Degraded RAID on an-worker1099
Closed, ResolvedPublic

Description

TASK AUTO-GENERATED by Nagios/Icinga RAID event handler

A degraded RAID (megacli) was detected on host an-worker1099. An automatic snapshot of the current RAID status is attached below.

Please sync with the service owner to find the appropriate time window before actually replacing any failed hardware.

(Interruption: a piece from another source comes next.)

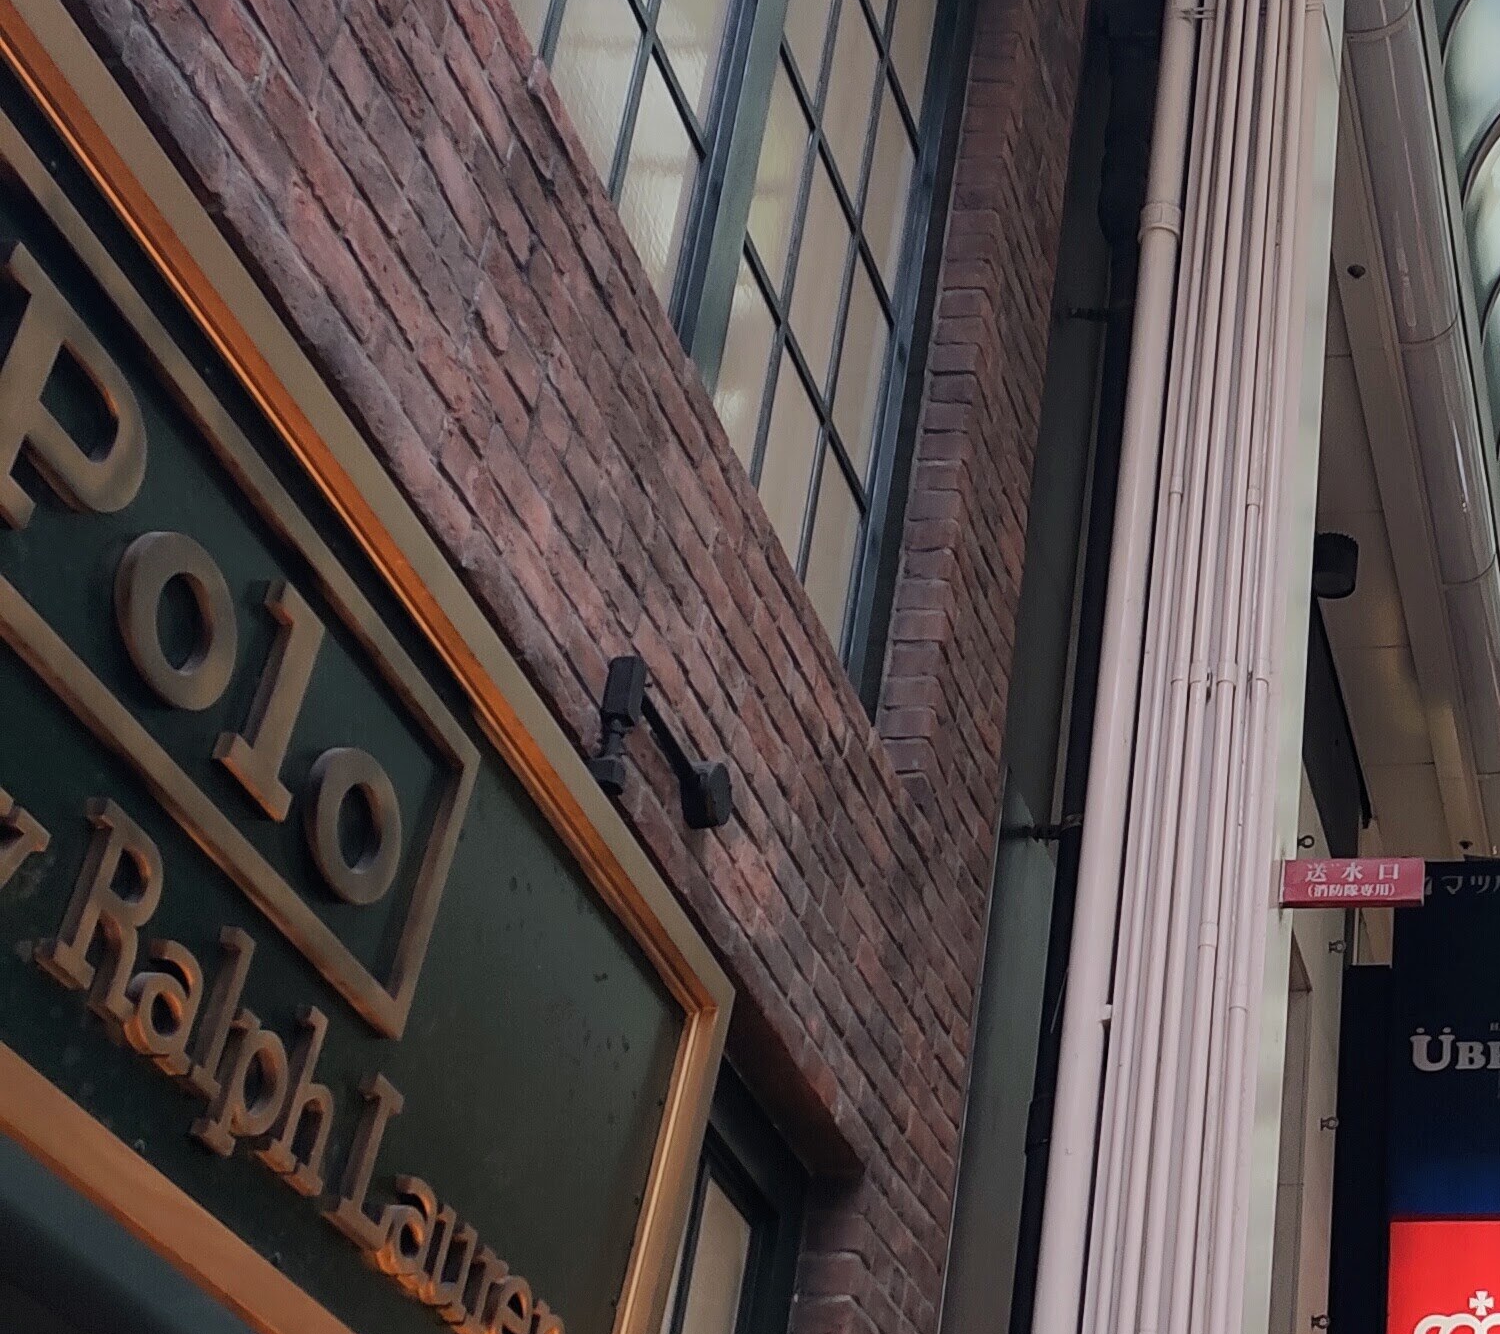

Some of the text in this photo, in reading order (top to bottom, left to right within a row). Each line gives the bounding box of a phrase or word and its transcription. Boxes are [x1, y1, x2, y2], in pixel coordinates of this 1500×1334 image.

[0, 241, 400, 905] Polo
[36, 797, 333, 1199] Ralph
[1305, 863, 1400, 883] 送水口

CRITICAL: 1 failed LD(s) (Offline)

$ sudo /usr/local/lib/nagios/plugins/get-raid-status-megacli
=== RaidStatus (does not include components in optimal state)
name: Adapter #0

	Virtual Drive: 17 (Target Id: 17)
	RAID Level: Primary-0, Secondary-0, RAID Level Qualifier-0
	State: =====> Offline <=====
	Number Of Drives: 1
	Number of Spans: 1
	Current Cache Policy: WriteThrough, ReadAheadNone, Direct, No Write Cache if Bad BBU

		Span: 0 - Number of PDs: 1

			PD: 0 Information
			Enclosure Device ID: 32
			Slot Number: 17
			Drive's position: DiskGroup: 17, Span: 0, Arm: 0
			Media Error Count: 0
			Other Error Count: 0
			Predictive Failure Count: 0
			Last Predictive Failure Event Seq Number: 0

				Raw Size: 1.819 TB [0xe8e088b0 Sectors]
				Firmware state: =====> Failed <=====
				Media Type: Hard Disk Device
				Drive Temperature: 26C (78.80 F)

=== RaidStatus completed

Event Timeline

Mentioned in SAL (#wikimedia-operations) [2021-01-27T15:42:13Z] <elukey> umount /var/hadoop/data/r on an-worker1099 and restart hadoop daemons - T273034

@Ottomata @razzi this is the first datanode disk failure after the change that I made to use facter to populate the available partitions that Yarn and HDFS can use on a given worker node. In the past I had to explicitly remove the partition from the Yarn nodemanager's list since it doesn't tolerate failures like the Datanode does very well. So what I did this time was:

  • Comment the failed partition (after checking dmesg) in /etc/fstab
  • umount the partition
  • run puppet (yarn and hdfs confs updated)
  • restart the daemons to pick up the changes

We should do the reverse after a new disk is back online. Maybe with newer versions of Hadoop we'll not need this anymore, but so far it seems quick and easy :)

A ticket has been requested with Dell for a new hard drive. You have successfully submitted request SR1050179269.

Legoktm triaged this task as Medium priority.Jan 28 2021, 8:24 PM

@razzi today I remembered this task by chance, I had to follow https://wikitech.wikimedia.org/wiki/Analytics/Systems/Cluster/Hadoop/Administration#Swapping_broken_disk to add the new disk back (it was not used yet). Please read the docs and tell me what it is missing/unclear (I have updated it with new info).